La Pologne émet un mandat d'arrêt contre l'espion Pablo González
La Cour d'appel de Varsovie a ordonné l'arrestation de Pablo González Yagüe, ou Paweł Rubcow selon ses documents russes, accusé d'espionnage pour le compte du Kremlin, selon les informations du journal polonais. Rzeczpospolita. Il serait en détention préventive pendant trois mois. S'il n'est pas arrêté dans les trois prochains mois, un mandat de perquisition et d'arrêt sera émis. Pablo González s'est présenté comme journaliste et continue de soutenir cette version. Il était déjà en détention préventive en Pologne depuis deux ans et cinq mois avant de faire l'objet d'un échange entre la Russie et plusieurs pays occidentaux. Poutine a reçu les agents libérés à l'aéroport.

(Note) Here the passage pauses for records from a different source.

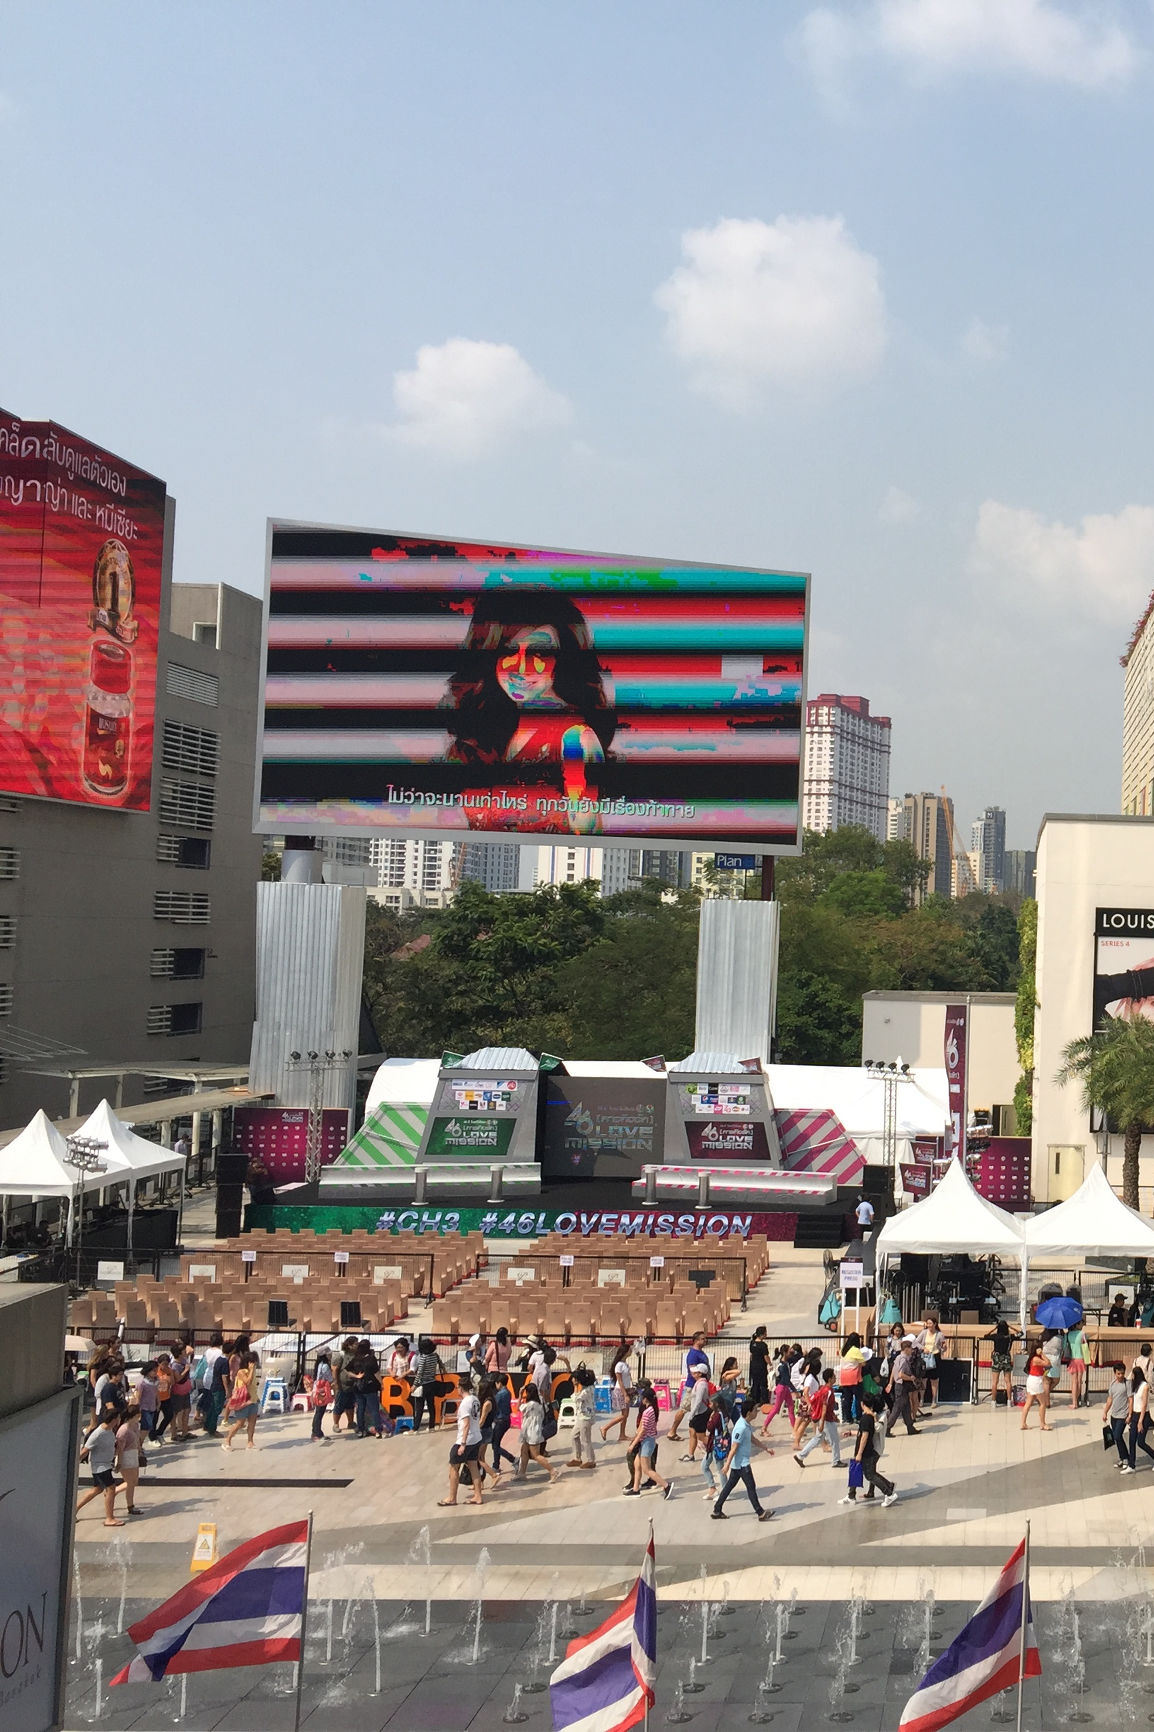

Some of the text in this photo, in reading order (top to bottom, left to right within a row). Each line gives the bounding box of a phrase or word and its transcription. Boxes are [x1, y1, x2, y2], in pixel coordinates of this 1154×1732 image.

[717, 855, 742, 867] Plan
[376, 1211, 753, 1237] #CH3 #46LOVEMISSION
[1, 1590, 49, 1679] ON
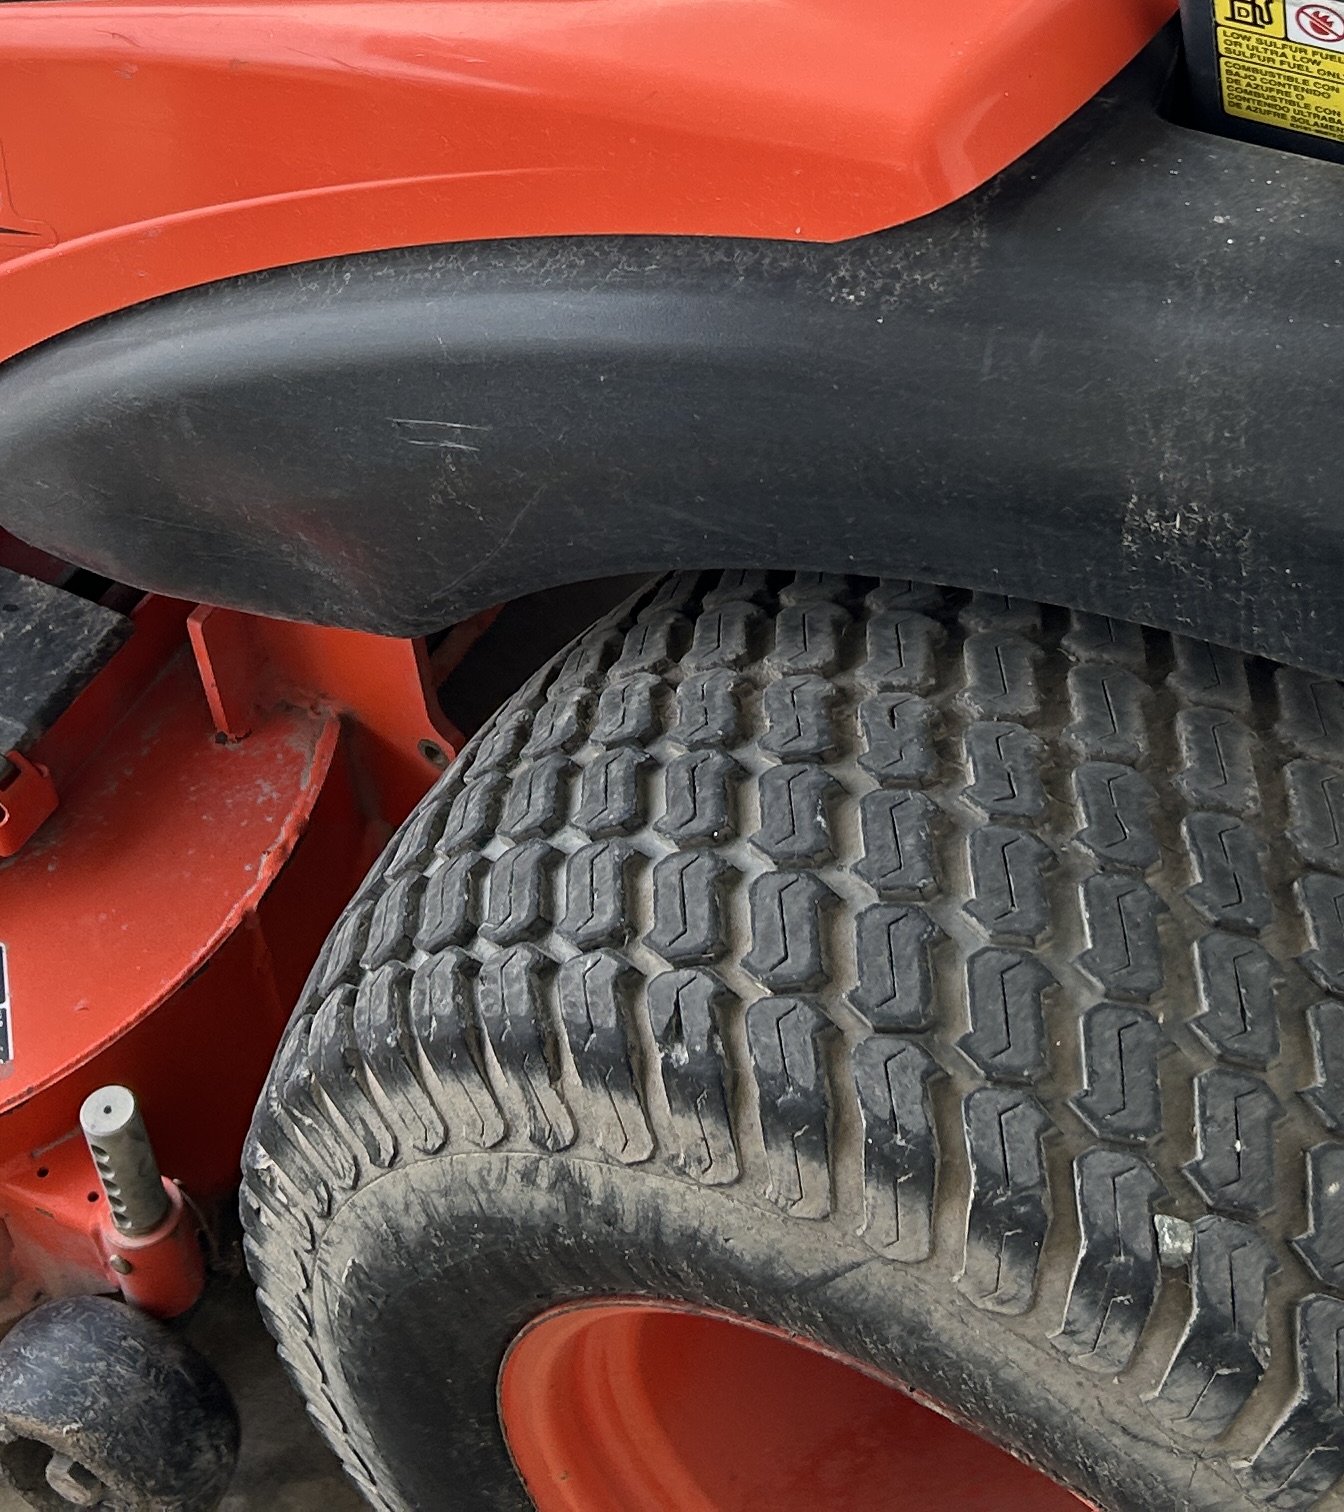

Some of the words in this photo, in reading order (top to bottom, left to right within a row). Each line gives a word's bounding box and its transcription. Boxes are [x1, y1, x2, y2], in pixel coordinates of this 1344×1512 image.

[1222, 29, 1251, 42] LOW
[1254, 36, 1308, 55] SULFUR
[1223, 38, 1242, 48] OR
[1246, 43, 1287, 59] ULTRA
[1292, 54, 1321, 66] LOW
[1224, 46, 1275, 65] SULFUR
[1279, 59, 1313, 73] FUEL
[1224, 60, 1309, 86] COMBUSTIBLE
[1313, 80, 1339, 93] CON
[1225, 68, 1256, 82] BAJO
[1259, 76, 1330, 99] CONTENIDO
[1225, 76, 1242, 86] DE
[1244, 81, 1291, 98] AZUFRE
[1295, 93, 1304, 101] O
[1226, 84, 1311, 110] COMBUSTIBLE
[1314, 105, 1340, 117] CON
[1227, 92, 1289, 113] CONTENIDO
[1227, 100, 1241, 109] DE
[1245, 104, 1287, 120] AZUFRE

Le procès contre Pablo González, dont la première audience a eu lieu le 25 novembre, ne peut pas commencer sans sa présence. Il doit au moins comparaître à la première audience. Cependant, le 25 novembre et le 25 février, seul son avocat polonais était présent. González/Rubcow a uniquement fourni au tribunal son adresse e-mail russe. Il connaît pourtant parfaitement la procédure car il se fait l'écho de son évolution sur ses réseaux sociaux.
« D'avril 2016 à février 2022, à Przemyśl, Varsovie et ailleurs, González/Rucow a collaboré avec des services de renseignement étrangers (services de renseignement militaires russes) et leur a fourni des informations dont la divulgation pourrait nuire à la République de Pologne, en particulier en tant qu'État membre de l'OTAN », selon l'acte d'accusation du parquet polonais. Entre autres choses, il « a obtenu et transmis des informations, répandu de la désinformation et effectué des reconnaissances opérationnelles ». La défense de Paweł Rubcow affirme que son client a été « extradé de force » hors des frontières polonaises.
« Par ordonnance du 11 mars 2026, la Cour d'appel de Varsovie a fait droit à la demande du tribunal régional de Varsovie et a ordonné la détention préventive de l'accusé Pablo G., alias Pavla R., pour une période de trois mois à compter de la date de son arrestation. Cependant, elle a laissé en suspens la demande d'ordonner la perquisition de l'accusé, puisque le tribunal compétent pour ordonner la perquisition est celui devant lequel se déroule l'affaire dans laquelle la mesure conservatoire et, donc, en l'espèce, le tribunal régional de Varsovie, » juge Ewa Leszczyńska-Furtak, porte-parole de la presse pour les affaires pénales, a déclaré au journal polonais.
Appel de la défense
La décision d'arrêter González/Rubcov a fait l'objet d'un appel de la part de sa défense. La date d'examen du recours a été fixée au 20 mai.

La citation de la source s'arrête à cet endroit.